The second day was a lot harder than the first.
He was not willing to participate in anything. Didn’t want to eat, play, dance, color, or anything else. He kept his head so buried in my chest and he was clenched onto me like he was hanging on for dear life.
The Tough Spots
I was sitting at the table with J trying to think of ways to get him involved in the world around him. His HI (who has been great with J) was sitting with us, trying to grab his attention and comfort him as well. He was plugging his ears because one of the students was having a hard time, which resulted in some screaming…. He has not plugged his ears like that in years. I knew to expect behaviors, but it made me a bit discouraged because he was regressing. Something we were told is not a good sign.
Sitting with us between two child sized tables are the other students, as well as their own individual HIs.
One of the other HI gals started talking to me. She mentioned how another client of hers did so well with the program when mom left. She continued saying how, “I know it’s hard cuz he’s your baby and all, but….” at that point, I spoke up and asked her what should I do when his pediatrician and therapist told me not to put him in those situations? I explained to her that it will be detrimental to J’s emotional and mental state. I could then see the other HIs glance over at me as I continued to tell her that our goals with J include building a circle of people he can trust, and that won’t be accomplished on the second day of preschool. I started to mention the progress he had made with his own HI, but then I stopped, because I started to get defensive, and I had to prevent it from turning into something else.

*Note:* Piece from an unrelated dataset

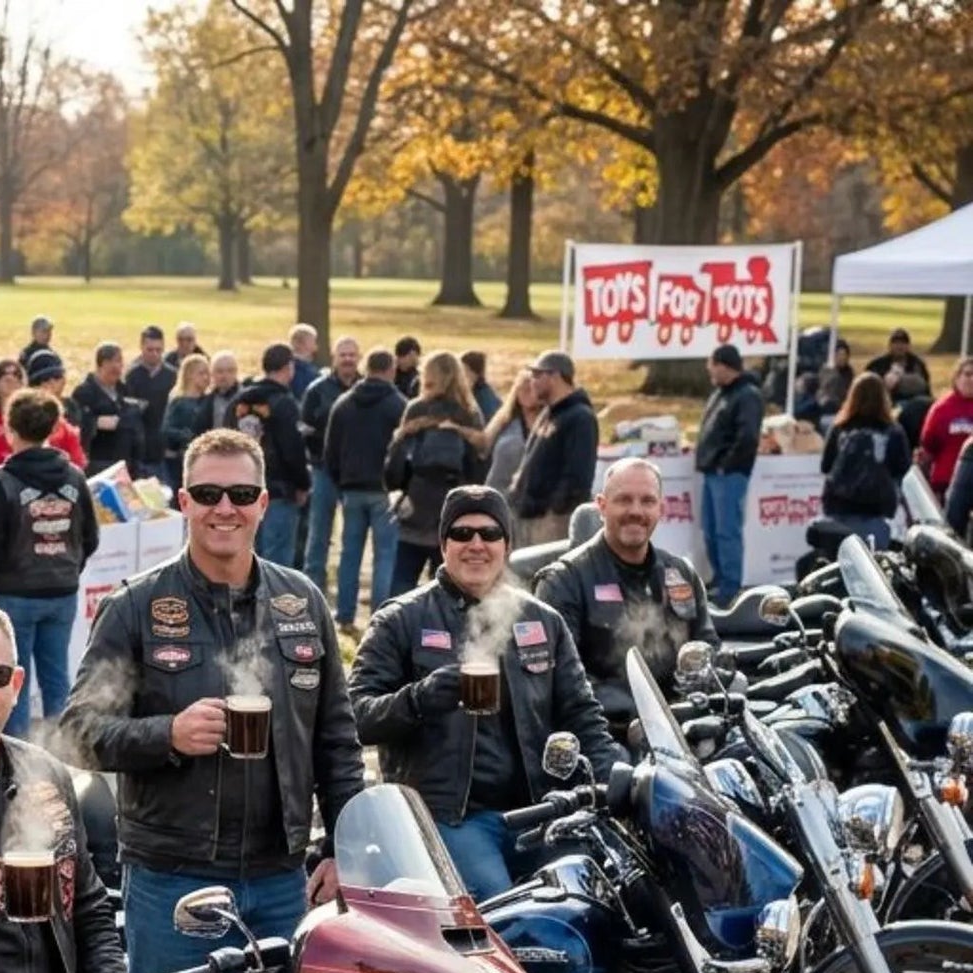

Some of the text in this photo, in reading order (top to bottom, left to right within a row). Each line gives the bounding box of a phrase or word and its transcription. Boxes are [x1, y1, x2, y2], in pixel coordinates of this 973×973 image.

[587, 271, 768, 326] TOYS FOR TOTS

Now, I’m not sure what people say behind my back about how I care for J. And frankly… I don’t want to know. But when you’re a professional, inside of a professional setting … it’s different.
At first, this really bothered me. I can see getting the unwanted advice in public, while grocery shopping, or while visiting a park, from people who just don’t know better. But the shock value for me came from the fact that this gal is in the trenches of handling kids with special needs.
What I would expect someone within a professional setting for special needs kids to respond, is support, love, and understanding. Unless you are on a child’s team, it’s probably a good idea to keep your advice out of the conversation.
After going over the scenario in my head, I’ve come to this conclusion. No one can tell you how to care for your child.
You know your child best. You know what works. You know what doesn’t work. You know that child’s limits. You know when enough is enough.
Every special needs child is different. Each one has their own plan that works just for them. It is our job as parents to find what works for them… so don’t listen to the naysayers. Don’t listen when you get discouraged. Look at your child and know that they depend on you to help them find their own unique path.
After the first week, the director of the program helped me step back and fade away so he can participate in the program as much as possible.
It’s been tough. J has had a hard time with the change.
He didn’t eat much on one of the aba preschool days, but the next day, he ate me out of house and home.
And then the next day, when I stepped back he ate some of his lunch.
We really do have to find our own paths for our children. This one has been hard to navigate.
The one thing I can say for sure about our journey is that as a parent we are the ones who blaze the trail for our kids. They are worth the hunt for a village. So far, we are slowly finding ours.
It does take time to build the trust. If you find that you need more time, take it. The right village will understand and they’ll be there when you are ready.